Tag Archives: Wojciech Szczesny

Former Brentford ‘keeper has the balls that FIFA lack. Well said Szczesny (and Poland).

28 Feb

Monday morning. The weekend has seen Brentford go down at home to Newcastle United, keeper Kepa take the worst penalty since Yoann Barbet found low-earth orbit against Norwich City and Leeds United parting company with Marcelo Bielsa. Yet it was dominated by FIFA proving themselves as spineless as ever when it comes to Russia. The ongoing and barbaric atrocities being committed by Putin and his lackies in the Ukraine have resulted in global condemnation, ejection from everything as far afield as the Eurovision song contest to hosting their own Grand Prix (and anything in between) whilst the footballing community have made their own feelings very clear.  Wojciech Szczesny and Poland leading the charge and refusing to play Russia next month. 

We’ve always loved the player, affectionally known as Chesney, at Brentford after his 25 game stint in 2009/10. It seems like five minutes ago he was pulling out all the stops, game after game. Ripping up tress in goal and performing last line of defence heroics that haven’t been matched until, well, probably David Raya. Now, he’s up on the global stage making his feelings (and those of his countrymen) known loud and clear.

Speaking to the DAZN Sports streaming service, Szczesny was unequivocable with his thoughts:

“We won’t play against Russia at the World Cup, that’s for sure. Let’s see if FIFA will have balls to give Russia the World Cup by forfeit – I don’t think so”.

“I refuse to stand on the pitch, wearing the colours of my country and listen to the national anthem of Russia! I refuse to take part in a sporting even that legitimases the actions of the Russian government.”

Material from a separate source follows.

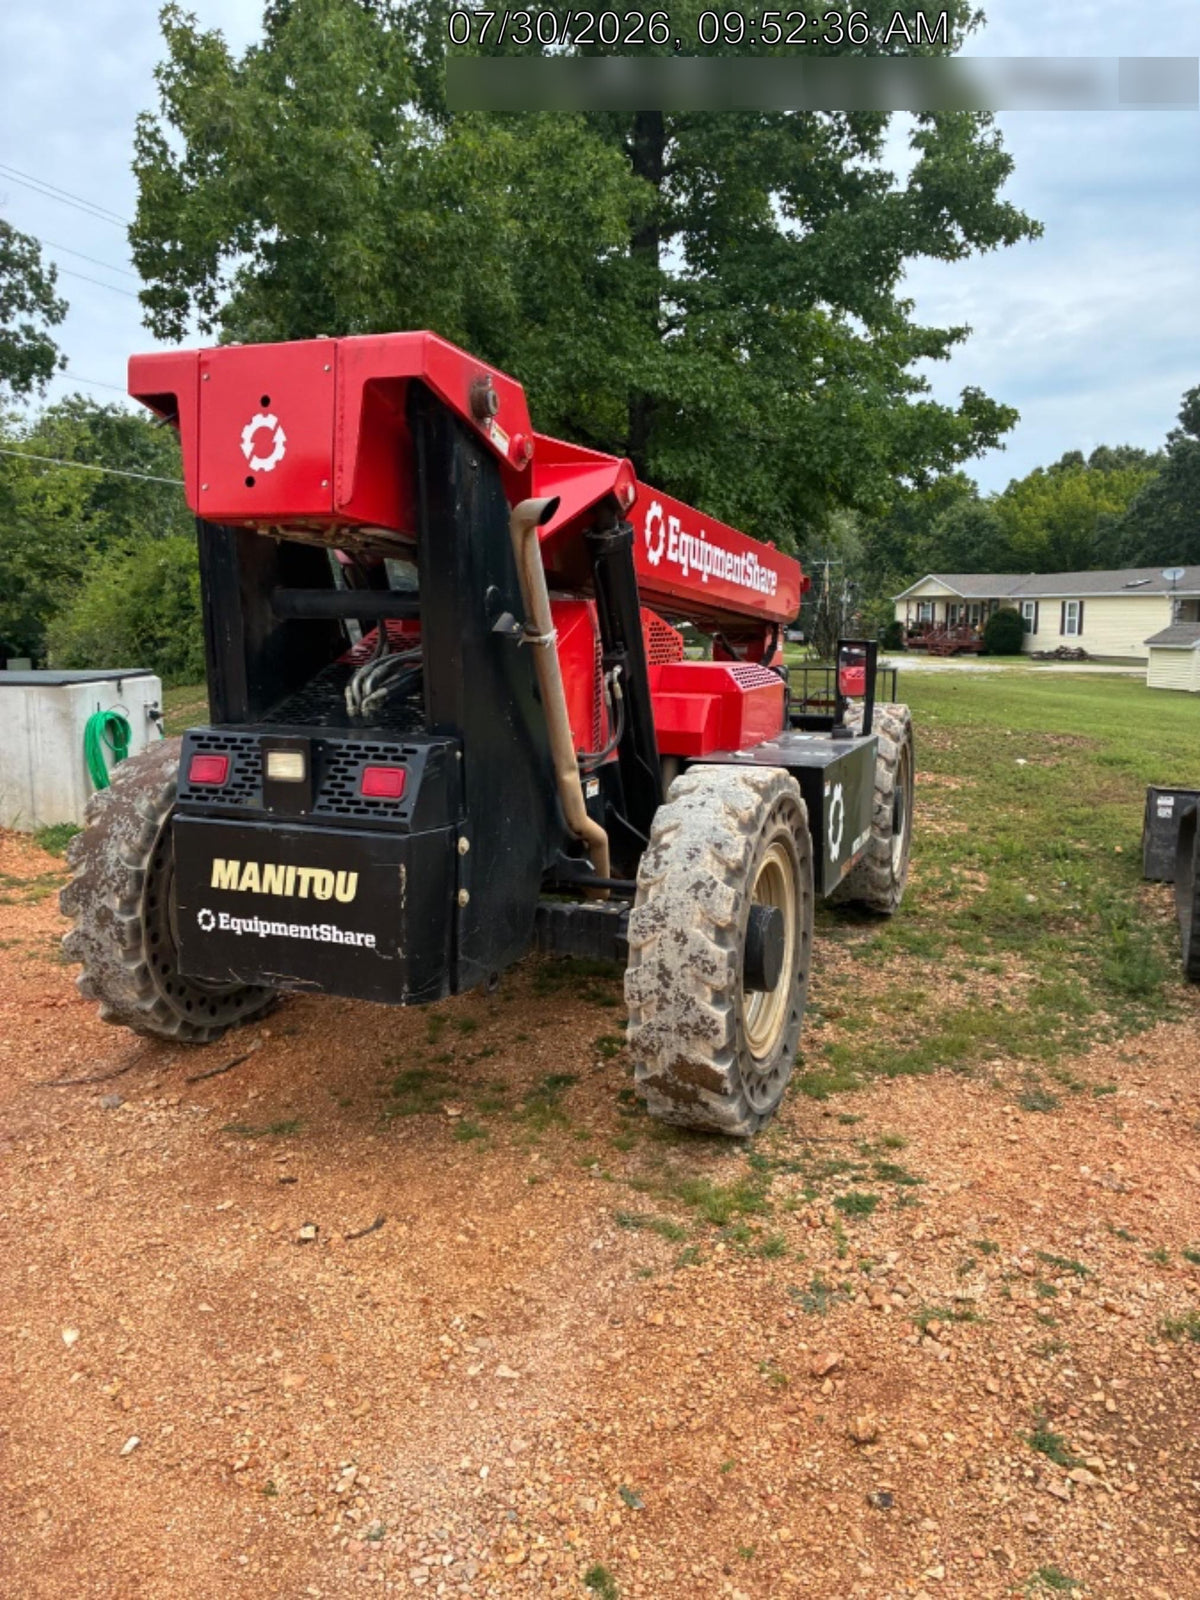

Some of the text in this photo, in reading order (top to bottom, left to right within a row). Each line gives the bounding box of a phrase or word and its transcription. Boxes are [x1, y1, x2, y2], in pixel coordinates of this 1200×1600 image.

[666, 515, 778, 596] EquipmentShare
[210, 858, 359, 903] MANITOU
[218, 912, 376, 948] EquipmentShare

Well said, that man. With Sweden and the Czech Republic joining the Poles in their decision, FIFA have finally flinched. There has been no kicking the Russian team out. Instead, a typically half-arsed measure of still allowing them to compete but on neutral ground under the name Football Union of Russia (RFU). No flags , no anthems, no flags. But still playing. 

President of the Polish FA, Cezary Kulesza, was as forthright as Szcezny on hearing this news. He called it “Totally unacceptable” with, incase anybody was in any doubt, the commitment that.. “We are not interested in participating in this game of appearances. Our stance remains intact: Polish national team will not play with Russia, no matter what the name of the team is.“

Look. I get its not the fault of the Russian players or Russian people. Robert Lewandowski was amongst those also recognising that side. At the same time, giving a government and a dictator who thrives on his own ego, on global recognition and some misplaced macho bullshit where the world order is still rooted in the 18th century any credibility or attention, no matter how watered down it may be, is a complete and utter NO. It was an open goal and FIFA have missed. Missed it worse than Diana Ross taking a penalty.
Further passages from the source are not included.